September 2021 – Humberto, Danushka and Brian have recently published a review in Cells. This paper, entitled The Intersection of Purine and Mitochondrial Metabolism in Cancer is part of the special issue ‘Ovary and Brain’ guest edited by our colleague Ilana Chefetz Menaker. The review discusses the evolving and complex roles of purine metabolism and how it is interconnected with mitochondrial and other metabolic pathways, with a particular focus on how these influence cancer progression.

Apr 2021 – Welcome to our newest lab member and postdoc Nandini. Nandini just completed a PhD in Chemistry from the Indian Institute of Technology, Bombay, Mumbai, working with Prof. Ruchi Anand (a former Ealick lab alumna). With a strong background in nucleotide metabolism and expertise in mechanistic enzymology, structural biology and the biophysical characterization of proteins, Nandini will be an extremely valuable member of the team helping to elucidate the molecular mechanisms and structural determinants of key protein complexes involved in nucleotide metabolism and viral pathogenesis.

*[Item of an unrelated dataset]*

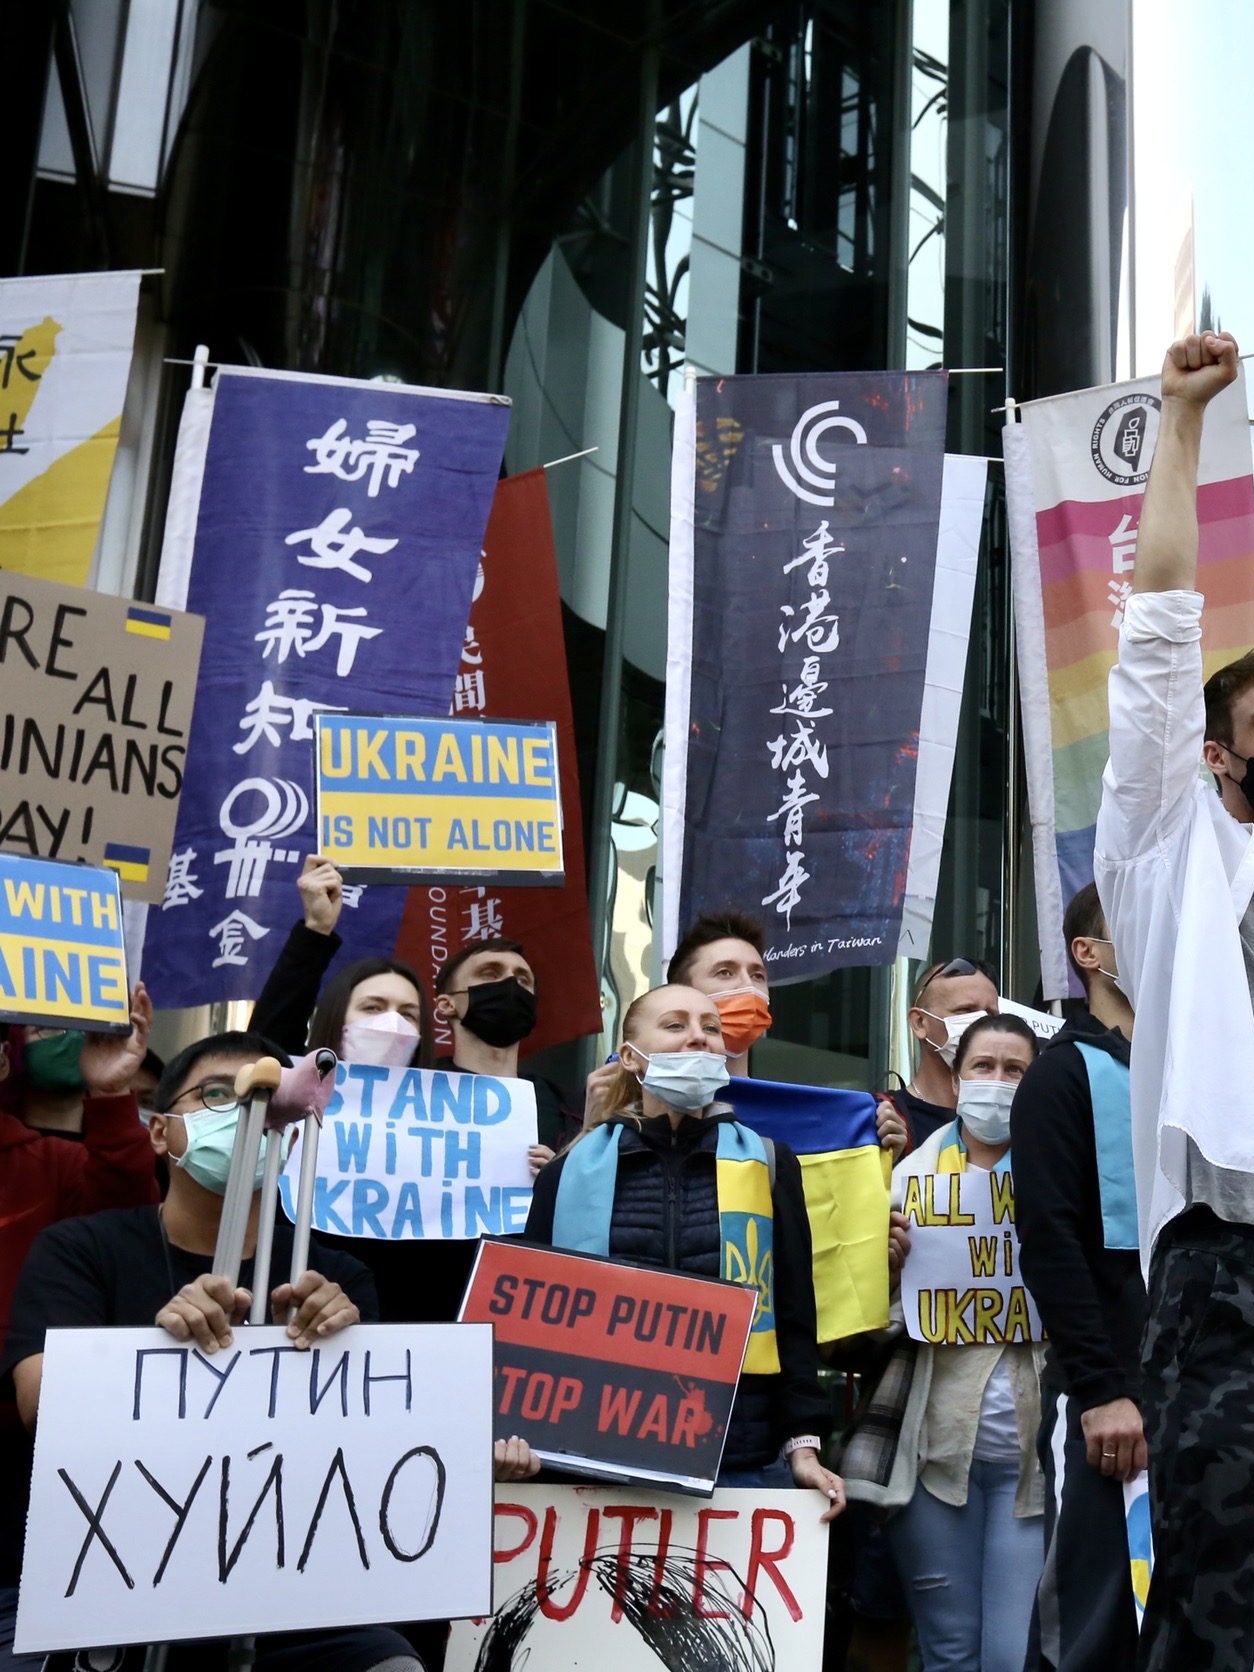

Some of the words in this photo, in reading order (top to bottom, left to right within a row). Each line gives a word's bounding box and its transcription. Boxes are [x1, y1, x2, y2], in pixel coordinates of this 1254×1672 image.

Apr 2021 – The paper detailing another structure from our E. coli structural proteomics pipeline has been published in PLOS ONE. Congratulations to Iva and our collaborators from the Torelli group at Ithaca College, Fardin and Andy. The paper, entitled Structure of the E. coli Agmatinase, SPEB, details our structural work on the agmatine amidinohydrolase from E. coli. Thanks to everyone involved in the project. This is another great example of how groups of undergraduate students can purify, crystallize and solve structures of soluble E. coli proteins as independent research projects with little oversight. We thank the National Science Foundation (MCB 1750637) and the Research Corporation for Science Advancement (Cottrell Scholar Award to JBF) for their financial support of this project.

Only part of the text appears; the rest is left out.